# What to produce
Transcribe all of the records word for word, please, omitting the pictures.
(Data under study begins)
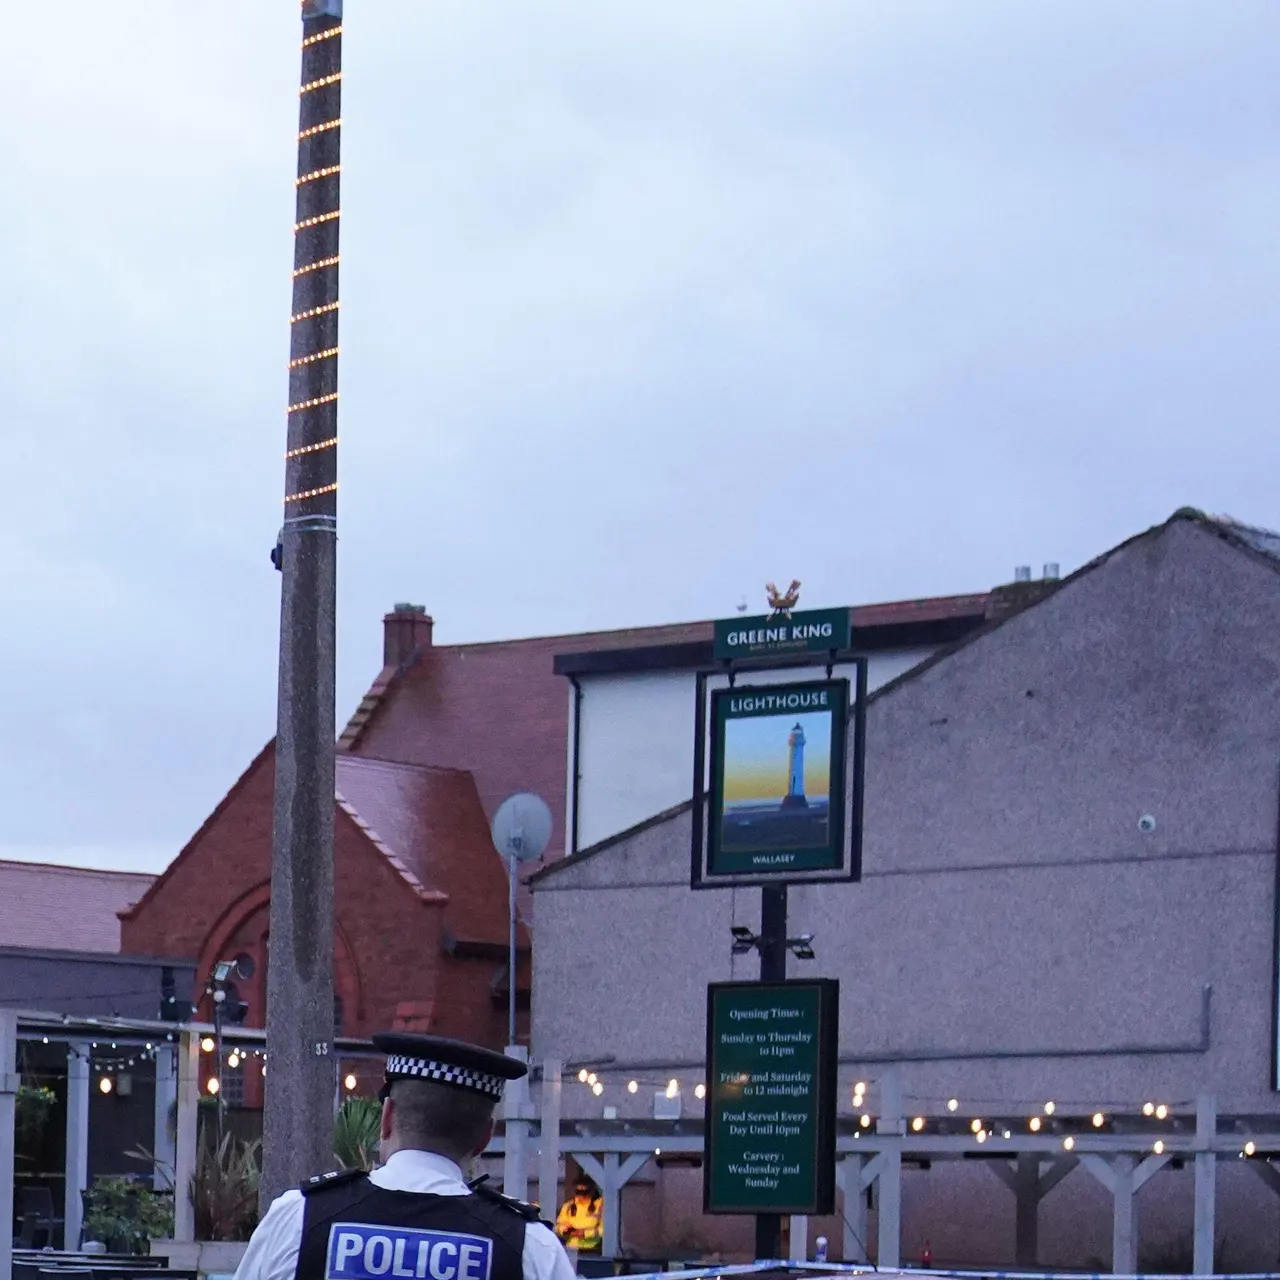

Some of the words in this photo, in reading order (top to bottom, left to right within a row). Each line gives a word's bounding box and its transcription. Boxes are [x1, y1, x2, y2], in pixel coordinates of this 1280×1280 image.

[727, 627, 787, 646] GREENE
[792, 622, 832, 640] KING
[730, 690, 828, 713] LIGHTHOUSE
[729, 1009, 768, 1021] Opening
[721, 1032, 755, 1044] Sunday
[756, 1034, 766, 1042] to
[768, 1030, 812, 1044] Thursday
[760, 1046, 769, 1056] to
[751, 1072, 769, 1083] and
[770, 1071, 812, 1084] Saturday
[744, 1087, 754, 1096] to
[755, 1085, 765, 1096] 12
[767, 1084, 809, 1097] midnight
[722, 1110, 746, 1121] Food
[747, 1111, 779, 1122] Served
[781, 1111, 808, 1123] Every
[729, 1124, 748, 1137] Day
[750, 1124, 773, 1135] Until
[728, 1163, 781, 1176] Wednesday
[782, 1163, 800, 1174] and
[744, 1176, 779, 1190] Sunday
(Data under study ends)
# Your solution
Some of the words in this photo, in reading order (top to bottom, left to right within a row). Each line gives a word's bounding box and its transcription. Boxes are [x1, y1, x2, y2], in pixel coordinates of this 1280×1280 image.

[727, 627, 787, 646] GREENE
[792, 622, 832, 640] KING
[730, 690, 828, 713] LIGHTHOUSE
[729, 1009, 768, 1021] Opening
[721, 1032, 755, 1044] Sunday
[756, 1034, 766, 1042] to
[768, 1030, 812, 1044] Thursday
[760, 1046, 769, 1056] to
[751, 1072, 769, 1083] and
[770, 1071, 812, 1084] Saturday
[744, 1087, 754, 1096] to
[755, 1085, 765, 1096] 12
[767, 1084, 809, 1097] midnight
[722, 1110, 746, 1121] Food
[747, 1111, 779, 1122] Served
[781, 1111, 808, 1123] Every
[729, 1124, 748, 1137] Day
[750, 1124, 773, 1135] Until
[728, 1163, 781, 1176] Wednesday
[782, 1163, 800, 1174] and
[744, 1176, 779, 1190] Sunday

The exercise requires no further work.